The view is a documentary film by Kurt Krigar from the year 1966 .

action

The director and his team drive through Bernauer Strasse in the West Berlin district of Berlin-Wedding and look for the place where the cemetery is in the east. One can only guess that the bricked up house facades do not allow a view from the street, because the Berlin Wall has been located here since 1961 . In a house on the west side he recognizes an open window on one of the upper floors, from which an elderly woman is looking out; there he wants to start his film about the street.

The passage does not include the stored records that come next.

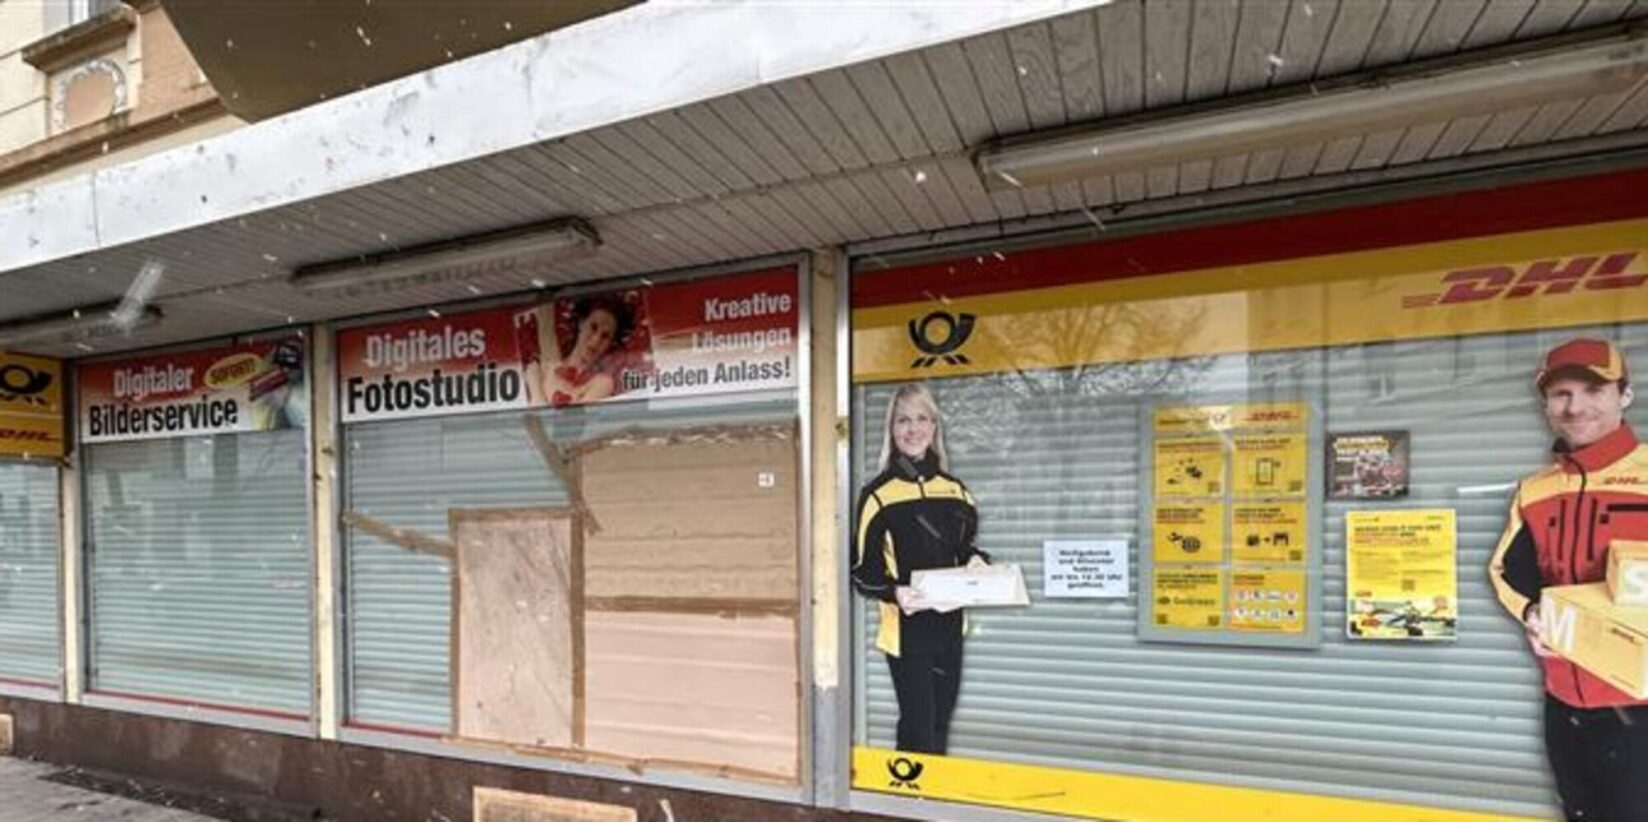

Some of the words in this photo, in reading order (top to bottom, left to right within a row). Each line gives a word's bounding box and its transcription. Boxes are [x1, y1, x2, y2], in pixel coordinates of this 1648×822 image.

[1437, 251, 1648, 304] DHL
[705, 292, 791, 321] Kreative
[365, 326, 486, 371] Digitales
[692, 326, 792, 353] Lösungen
[113, 364, 194, 400] Digitaler
[348, 362, 520, 414] Fotostudio
[623, 369, 647, 390] für
[653, 366, 708, 392] jeden
[714, 357, 790, 384] Anlass!
[89, 395, 238, 437] Bilderservice
[1541, 591, 1576, 652] M
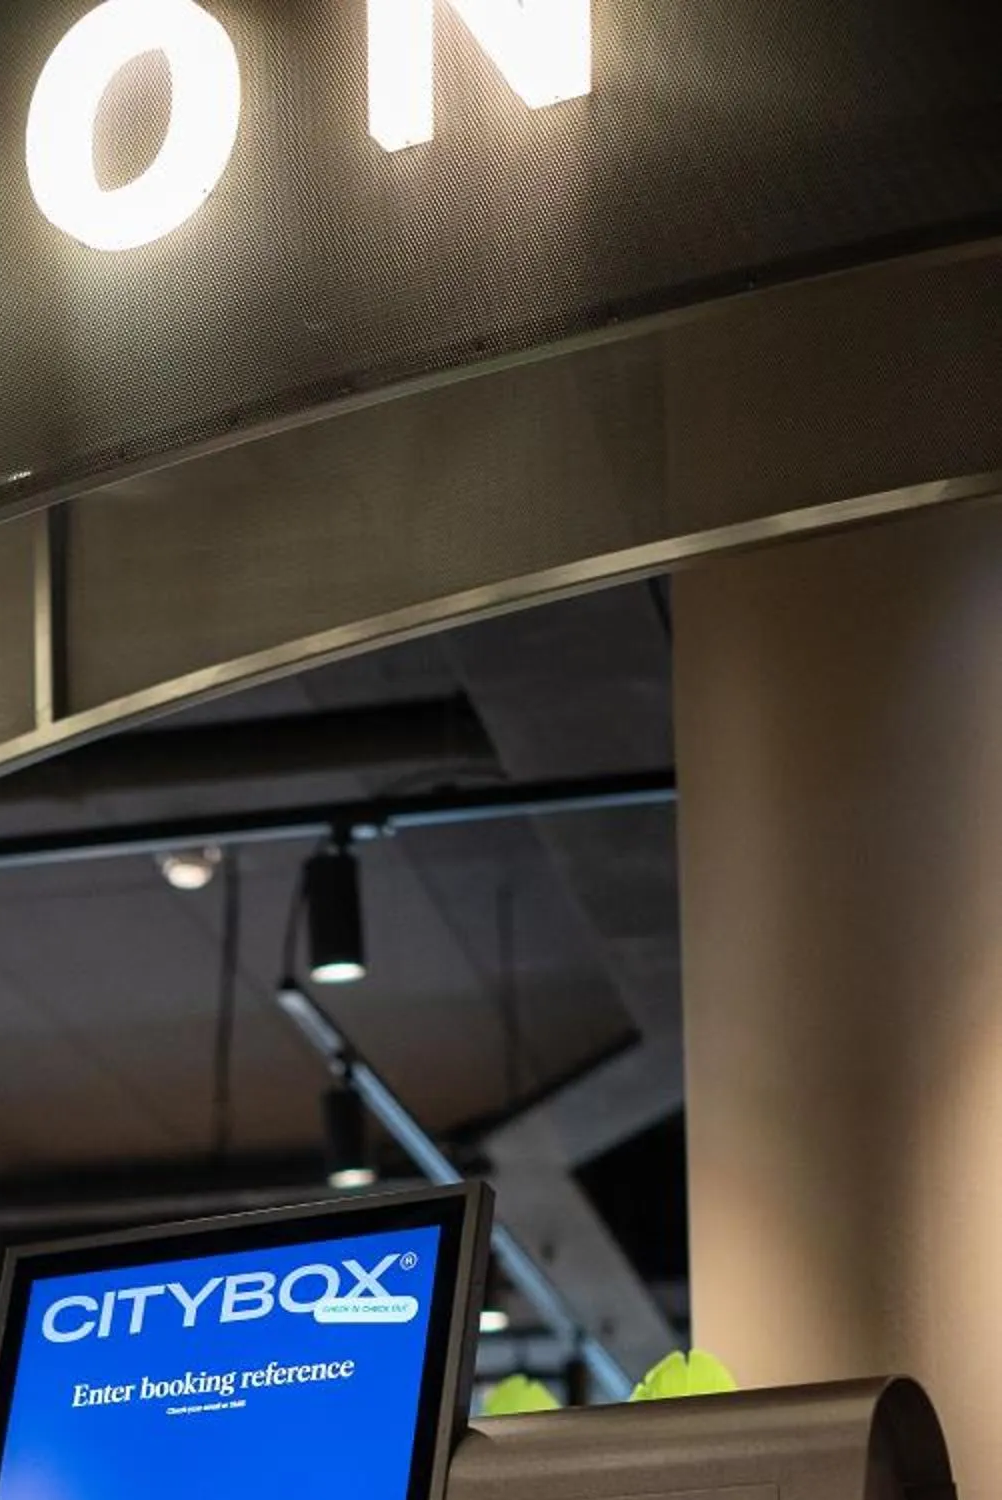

The tenant, who has lived there for 28 years, married in Silesia in 1924, had children and moved to this apartment in Berlin in 1939, thinking that Berliners were very fine people. She describes her everyday impressions to the film team and also the story of her life. She lost her eldest son in the war , as did her husband. She tells of the beginning of the construction of the wall, when they did not dare to turn on the light in the apartment, so much was she frightened by the border guards, who still shoot with rifles now and then. Nor does she understand that the line was drawn at all, because the city was one, the tram went through here, you walked back and forth between West and East, went shopping on both sides and there were also friendships. Now the houses on the east side will be demolished up to the level of the first floor and only the front walls will remain. Beyond that, everything is razed to the ground in order to achieve a better view. Now you also have a view of the cemetery, which is also being razed to the ground in the immediate vicinity of the border, which means that the gravestones are also being removed. To do this, sharp dogs run along a tightrope so that no visitor to the cemetery can approach. Only the Church of Reconciliation is still standing, even if it already looks a bit dilapidated.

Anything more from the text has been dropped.